## The input
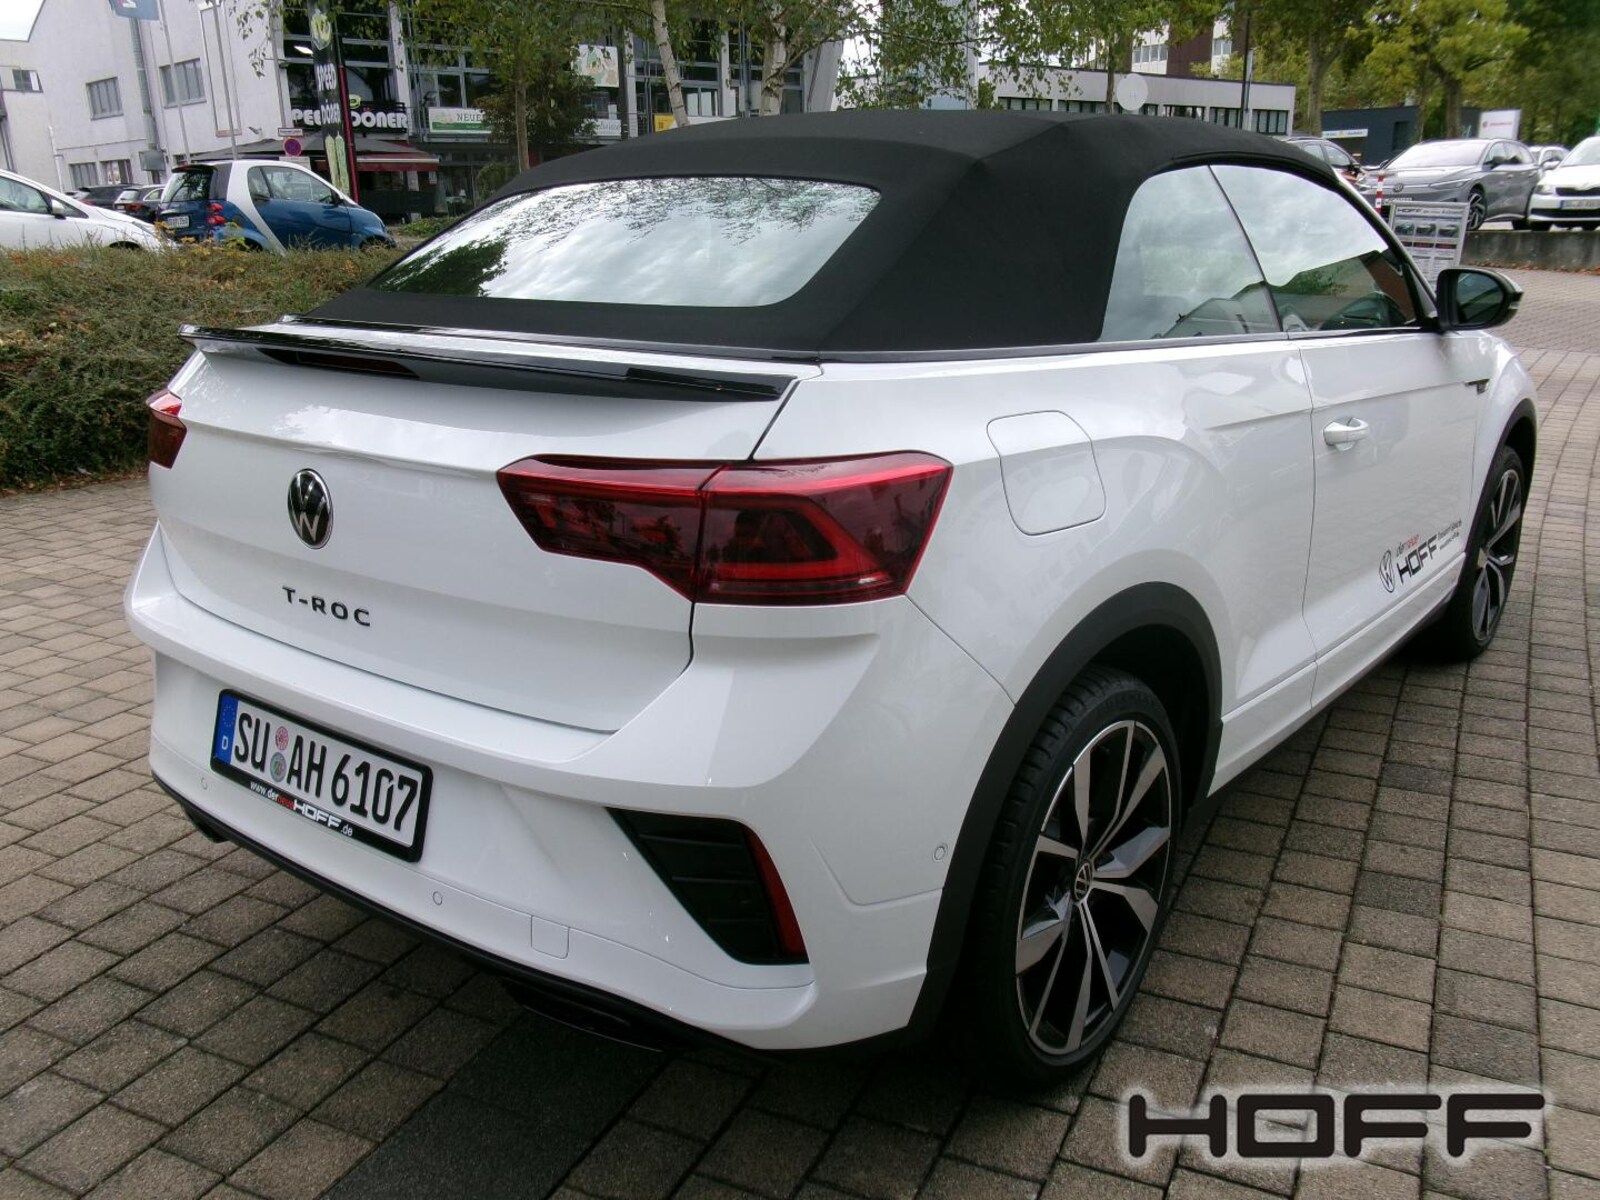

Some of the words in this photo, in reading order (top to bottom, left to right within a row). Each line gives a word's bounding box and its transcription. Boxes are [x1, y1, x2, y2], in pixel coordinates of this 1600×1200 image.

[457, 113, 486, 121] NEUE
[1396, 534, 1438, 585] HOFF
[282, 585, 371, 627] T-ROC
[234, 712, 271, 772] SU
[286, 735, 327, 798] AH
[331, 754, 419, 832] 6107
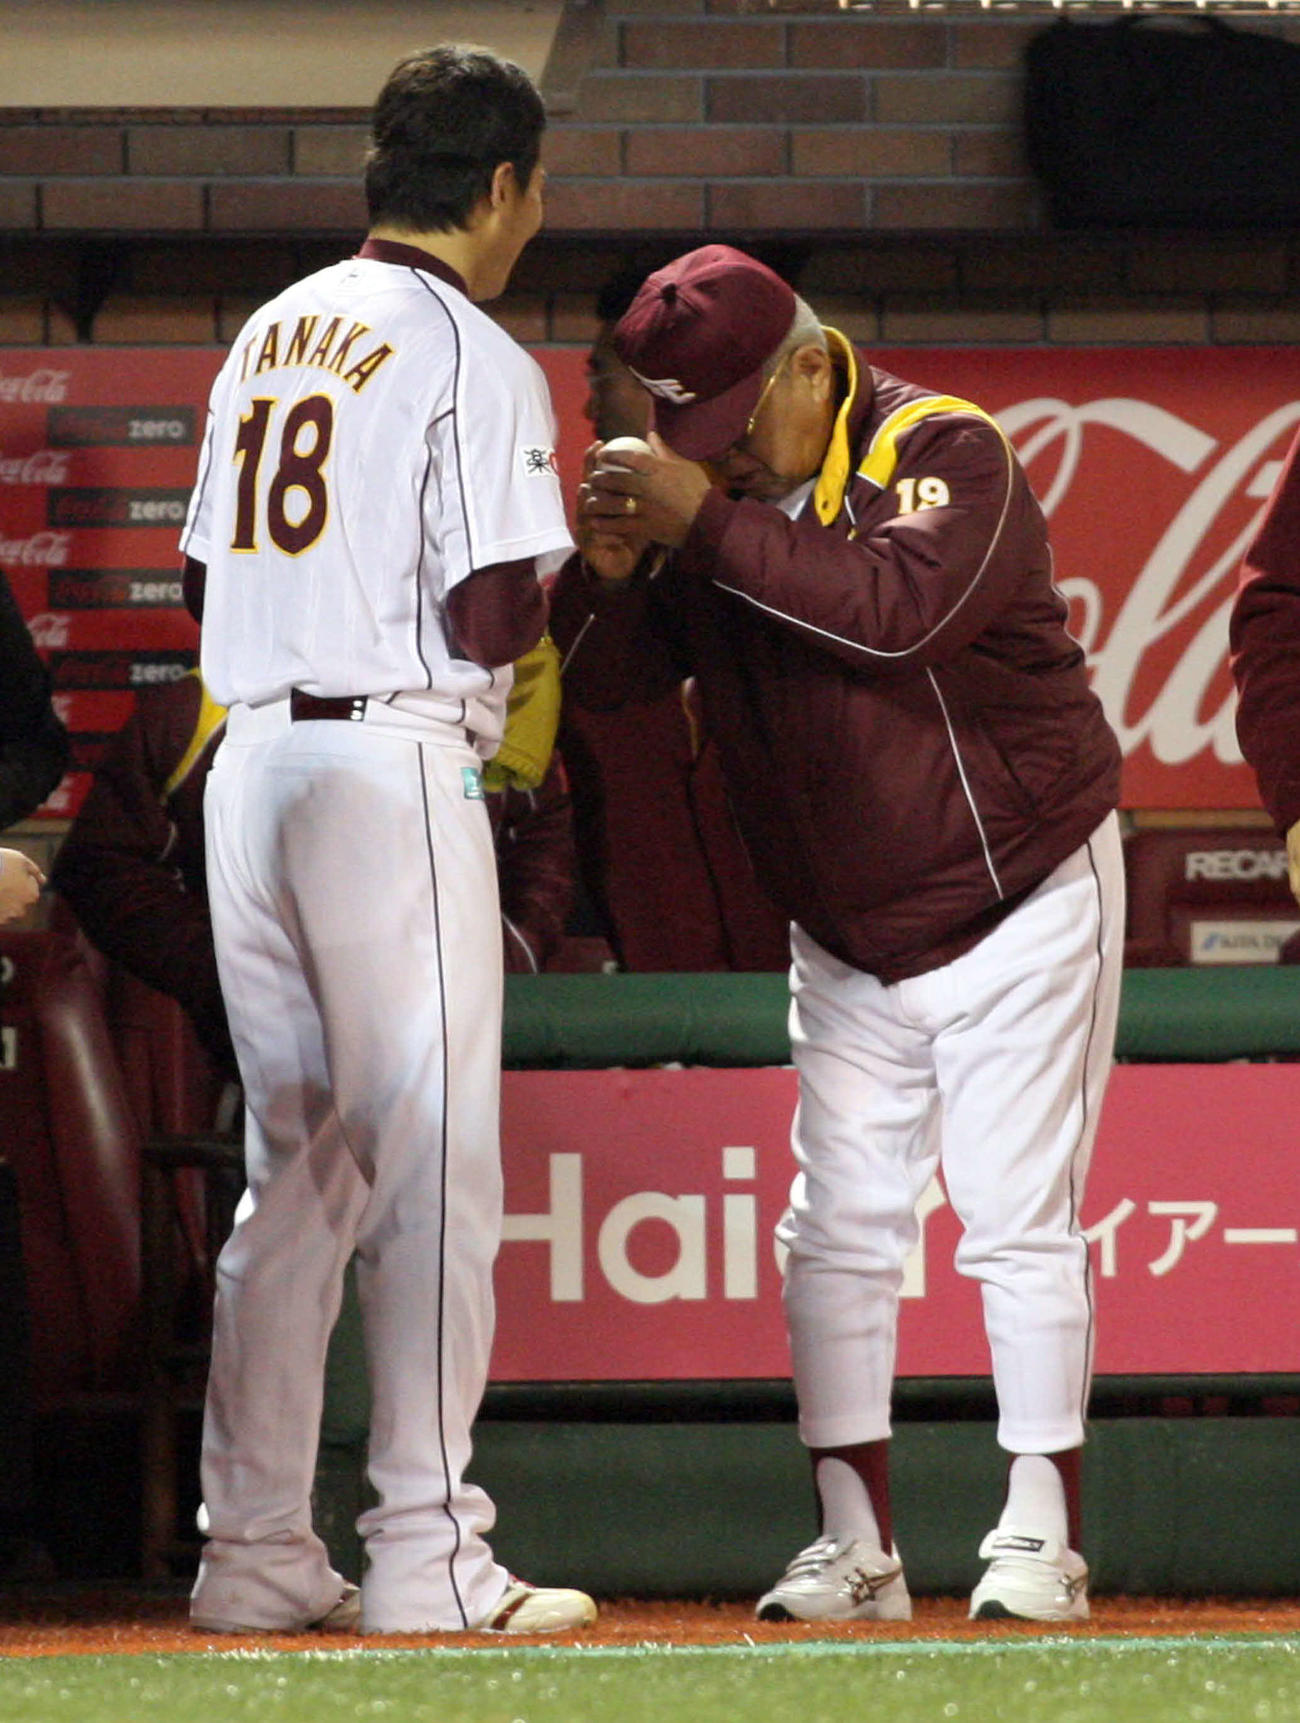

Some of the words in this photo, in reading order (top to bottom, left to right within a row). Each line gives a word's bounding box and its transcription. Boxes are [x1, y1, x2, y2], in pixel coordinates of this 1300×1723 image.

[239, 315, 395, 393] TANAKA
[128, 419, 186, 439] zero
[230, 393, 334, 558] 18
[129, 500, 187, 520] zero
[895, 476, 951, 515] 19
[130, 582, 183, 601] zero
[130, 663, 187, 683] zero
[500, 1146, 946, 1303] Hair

## Exercise prompt
Here the job is to print the data above exactly, except for any pictures.

## Result
Some of the words in this photo, in reading order (top to bottom, left to right within a row). Each line gives a word's bounding box and its transcription. Boxes are [x1, y1, x2, y2], in pixel coordinates of this 1600×1200 image.

[457, 113, 486, 121] NEUE
[1396, 534, 1438, 585] HOFF
[282, 585, 371, 627] T-ROC
[234, 712, 271, 772] SU
[286, 735, 327, 798] AH
[331, 754, 419, 832] 6107

Some of the words in this photo, in reading order (top to bottom, left to right within a row). Each line gives a word's bounding box and its transcription. Boxes are [x1, y1, x2, y2], in pixel coordinates of this 1300×1723 image.

[239, 315, 395, 393] TANAKA
[128, 419, 186, 439] zero
[230, 393, 334, 558] 18
[129, 500, 187, 520] zero
[895, 476, 951, 515] 19
[130, 582, 183, 601] zero
[130, 663, 187, 683] zero
[500, 1146, 946, 1303] Hair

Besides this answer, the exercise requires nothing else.